Lord Sharman was asked by the FRC to investigate this further. He found that there was misunderstanding by investors about companies adopting the ‘going concern’ basis of accounting. Investors were inferring longer-term viability on the basis of going concern statements than was strictly the case.
It took time to get the recent Code changes right, with three consultations taking place. Any solution had to address the discrepancy between the expectations of investors and the intentions of the companies when they made the statements. Inevitably there were divisions amongst our stakeholders, but a number of corporates and investors supported the fact that companies needed to say more about judgements on risk and the factors they were taking into account, while on the investor side they needed to make considered judgements about the information they were being given.

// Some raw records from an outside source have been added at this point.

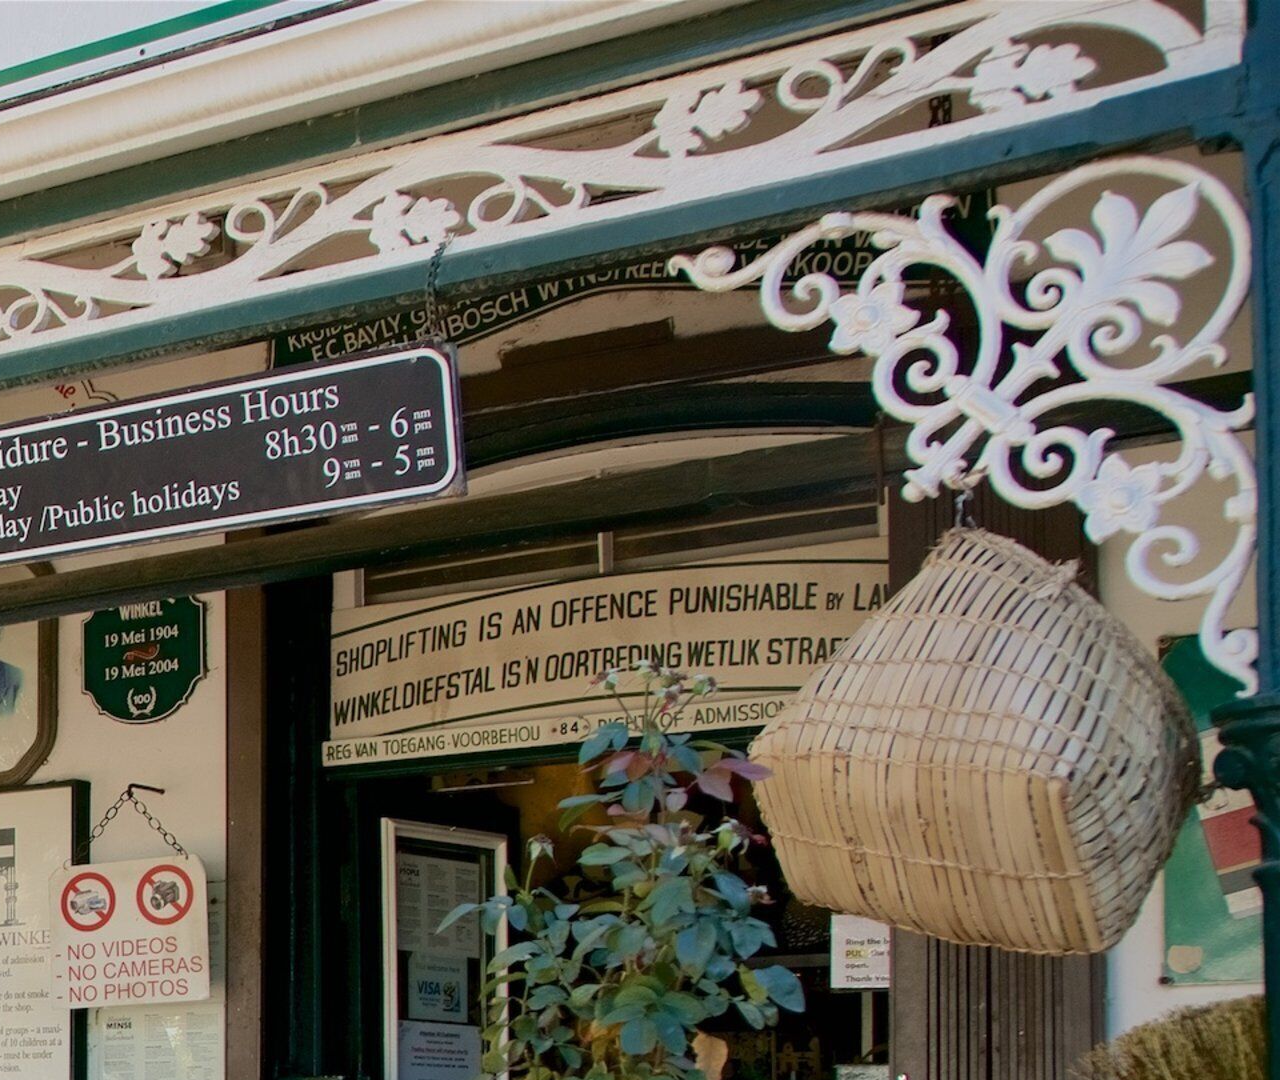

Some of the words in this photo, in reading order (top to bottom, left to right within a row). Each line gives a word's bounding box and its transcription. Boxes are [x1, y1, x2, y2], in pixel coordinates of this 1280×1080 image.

[97, 404, 232, 452] Business
[241, 384, 340, 425] Hours
[264, 420, 337, 460] 8h30
[391, 407, 410, 438] 6
[323, 458, 341, 488] 9
[394, 444, 411, 476] 5
[131, 480, 241, 516] holidays
[119, 602, 163, 621] WINKEL
[104, 634, 118, 648] 19
[122, 629, 146, 645] Mei
[148, 623, 179, 643] 1904
[336, 619, 467, 677] SHOPLIFTING
[479, 612, 503, 642] IS
[512, 604, 541, 636] AN
[551, 589, 658, 628] OFFENCE
[669, 582, 818, 616] PUNISHABLE
[826, 592, 844, 611] BY
[104, 667, 118, 681] 19
[122, 663, 146, 678] Mei
[148, 658, 179, 675] 2004
[334, 666, 495, 726] WINKELDIEFSTAL
[501, 660, 521, 689] IS
[545, 641, 681, 683] OORTREDING
[687, 639, 760, 667] WETLIK
[132, 693, 151, 705] 100
[327, 744, 352, 761] REG
[354, 742, 378, 759] VAN
[383, 735, 445, 756] TOEGANG
[597, 713, 645, 731] RHT
[660, 711, 684, 728] OF
[68, 942, 96, 961] NO
[101, 936, 178, 958] VIDEOS
[68, 963, 97, 982] NO
[103, 955, 203, 980] CAMERAS
[69, 983, 99, 1003] NO
[104, 977, 189, 1000] PHOTOS
[417, 980, 440, 996] VISA
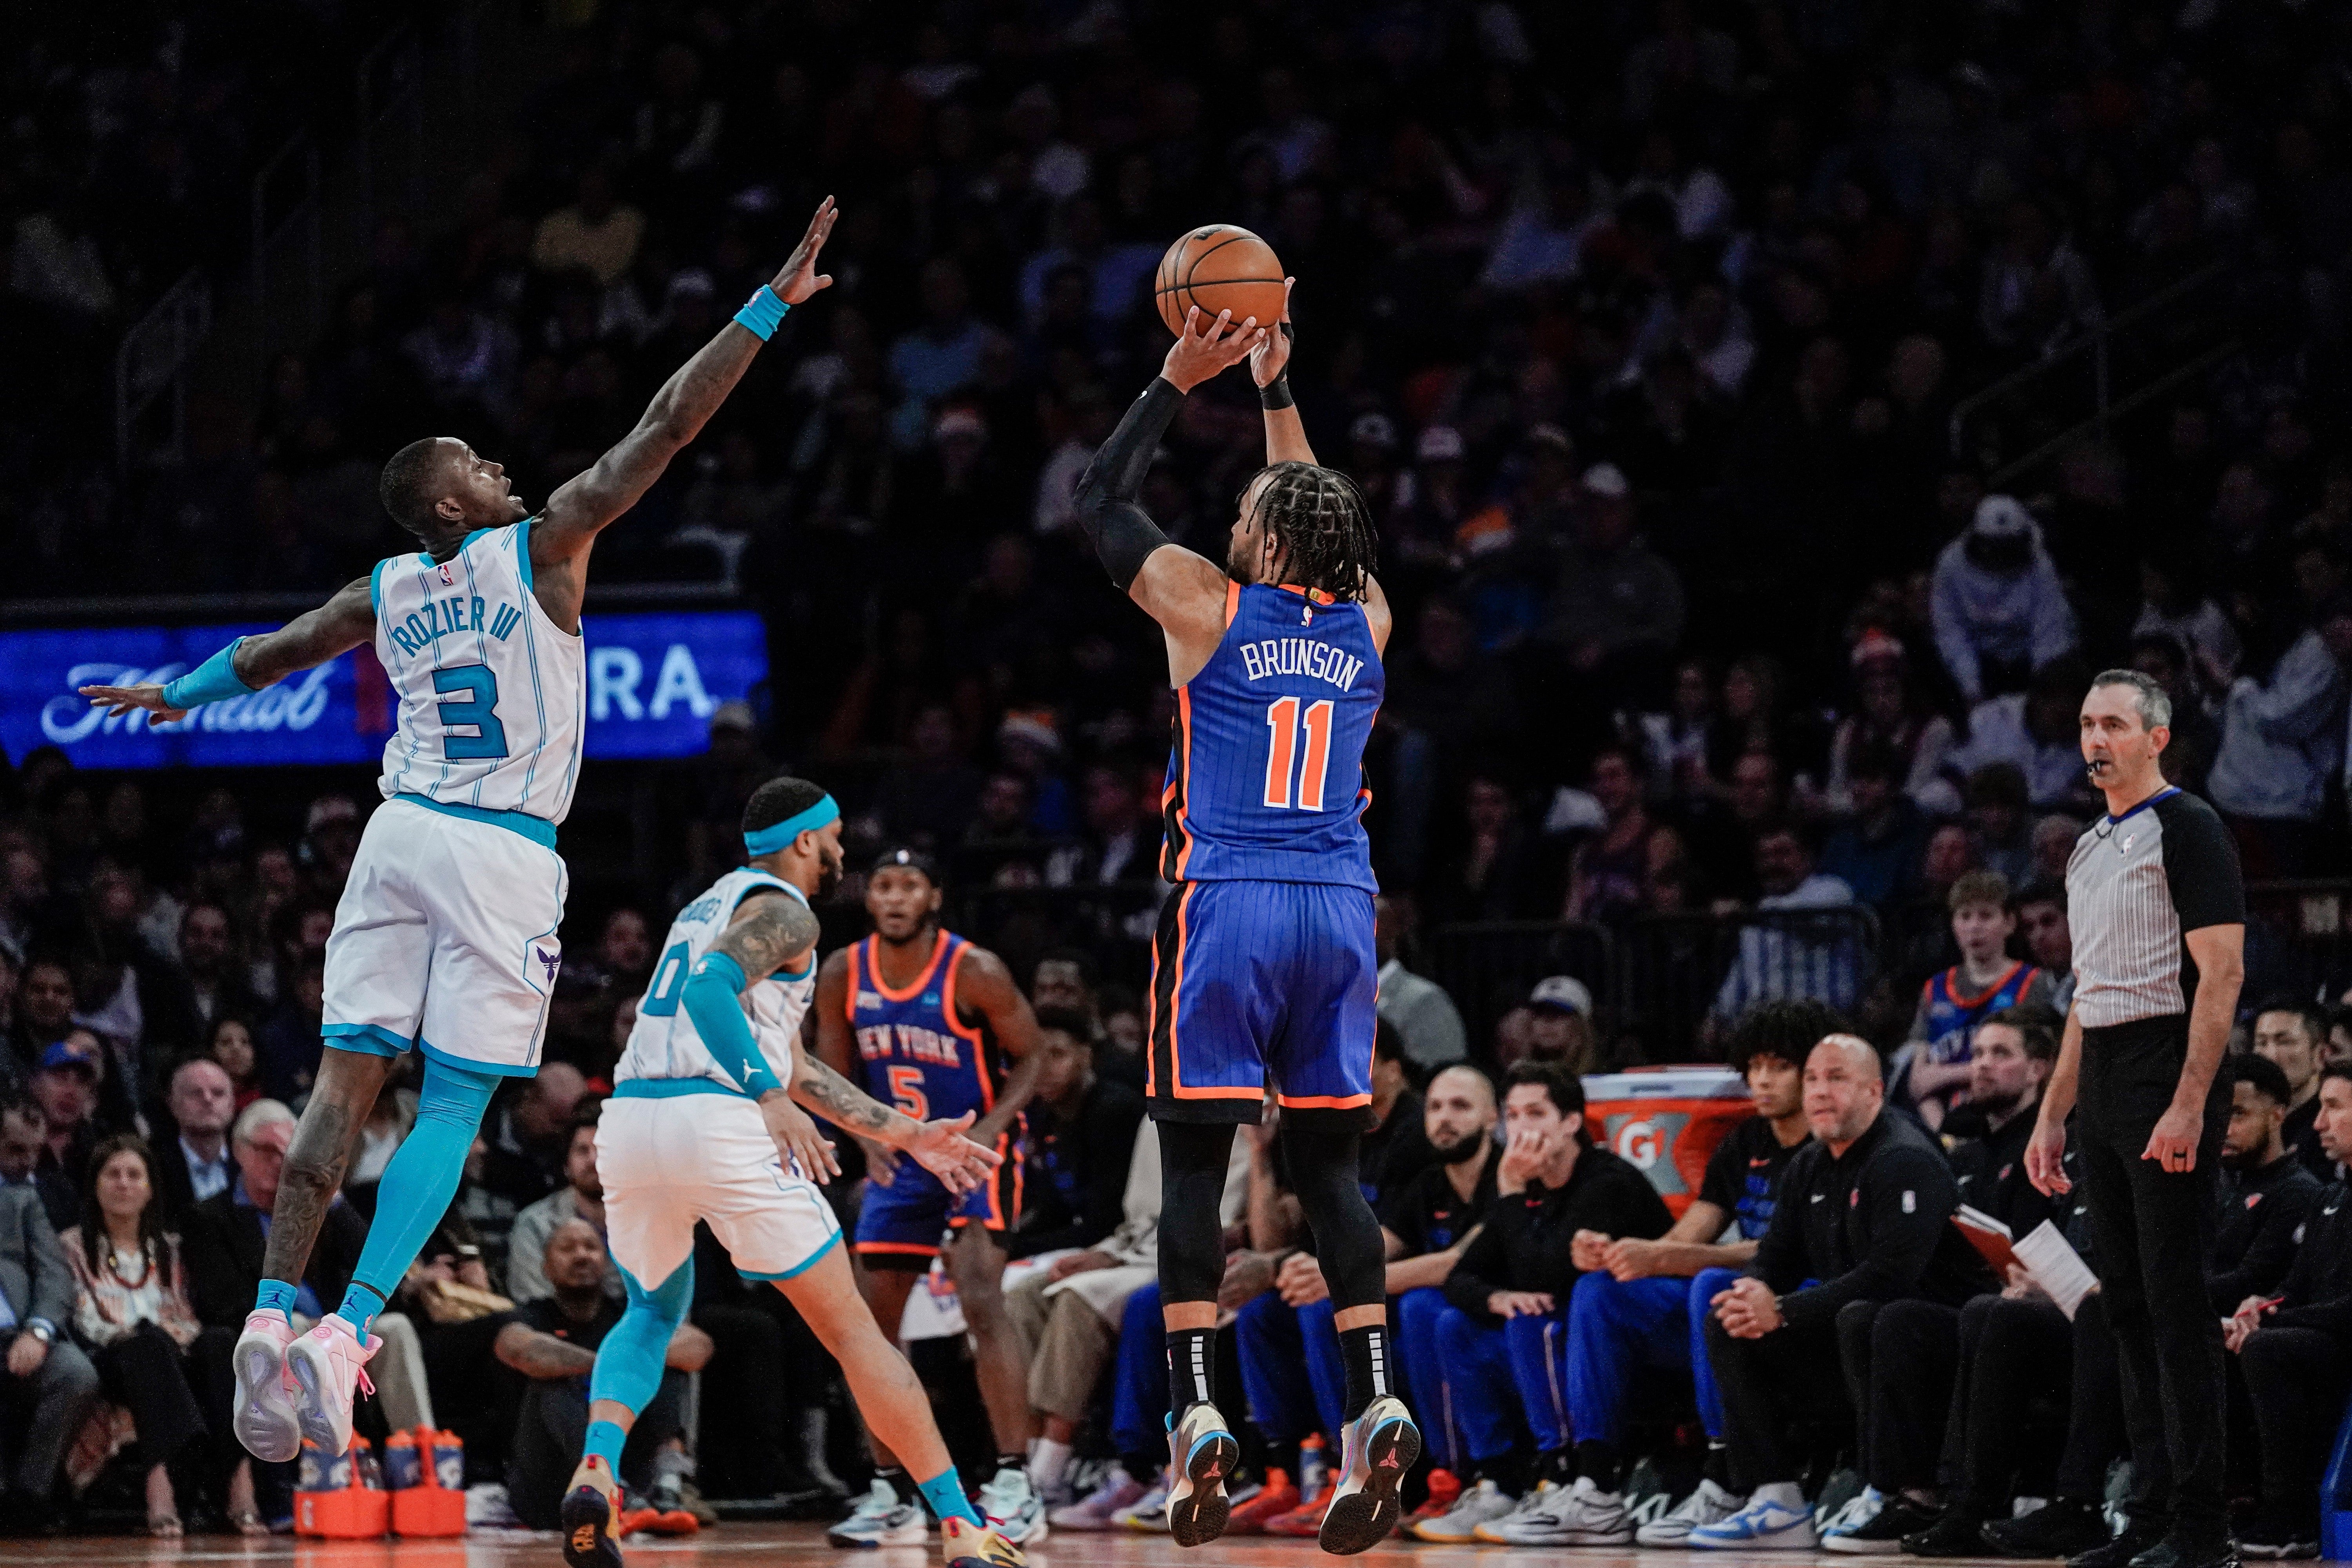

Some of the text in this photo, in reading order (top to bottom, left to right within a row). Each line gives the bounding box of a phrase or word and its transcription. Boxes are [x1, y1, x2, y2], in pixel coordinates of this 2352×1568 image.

[392, 596, 522, 658] ROZIER III
[1240, 638, 1365, 693] BRUNSON
[431, 663, 509, 760] 3
[1263, 695, 1334, 812] 11
[641, 940, 689, 1016] 0
[895, 1023, 961, 1068] YORK
[887, 1064, 930, 1122] 5
[1619, 1121, 1656, 1170] G

The Code now asks companies to make two statements: a going concern statement on the basis of accounting principles and a longer-term viability statement taking into account the company’s current position and risks, and its future prospects, and significant risks arising. The directors can decide the time period for this statement, which should be at least a year but we hope it will be longer. There is also flexibility about how directors structure the statement.
We are not asking directors to hire a clairvoyant: boards should already be assessing risk effectively. But we are asking them to be more transparent to investors about their thinking. If the statement is made in the Strategic Report, it is covered by the safe harbour provisions in the Companies Act. As long as the directors make the statement in good faith and can demonstrate this, they should not be liable to action by shareholders. This should give directors more confidence in how they disclose the information.
The role of investors is crucial too. When companies make these statements it will be very important to assess them carefully and make considered judgements.
We want the UK to be somewhere which has a good reputation for governance so that investments here will be looked after, but this should not be on the basis of a rule book, which means you can’t take reasonable and proportionate risk.
This fits with the FRC’s vision, which is looking to the long term and making the UK an attractive place for investment. In line with this, the Code now asks companies to explain remuneration policy in terms of how it benefits long-term company performance; it also asks companies to describe how they will engage with shareholders following significant votes against a resolution at a General Meeting (full details are available on www.frc.org.uk).
Inevitably it will take a certain amount of time to get used to the new disclosures. Inevitably there can be a herding instinct, but companies should be thinking about their own individual situations and how best to be transparent. We want companies to be thoughtful about governance, and make good explanations where they do not comply, rather than ticking boxes.
The first of the new governance statements won’t be required until well into 2015, so there is plenty of time to prepare, but it is never a bad thing to start early.
We have also changed the preface of the Code to talk about boards ‘setting the tone from the top’. It has to be said, there’s still a good deal of mistrust of the financial sector and about business more generally. Without being too prescriptive we wanted to give companies a steer that there will be shareholders and stakeholders who don’t feel that their concerns have been taken seriously or been dealt with, so they’d like to know more from companies about how they go about their business. And we need to address an unwillingness to talk about risk, which became apparent following the crisis.
The FRC believes that better engagement by shareholders helps to create better-performing companies, which in turn helps to give better returns to investors. It should be a virtuous circle. We want the UK to be somewhere which has a good reputation for governance so that investments here will be looked after, but this should not be on the basis of a rule book, which means you can’t take reasonable and proportionate risk.
We’ve been meeting with many company secretaries recently, and we enjoy a good relationship with the ICSA. The Code changes affect a number of players, but I’m very conscious that company secretaries are at the coalface when it comes to delivery and reporting.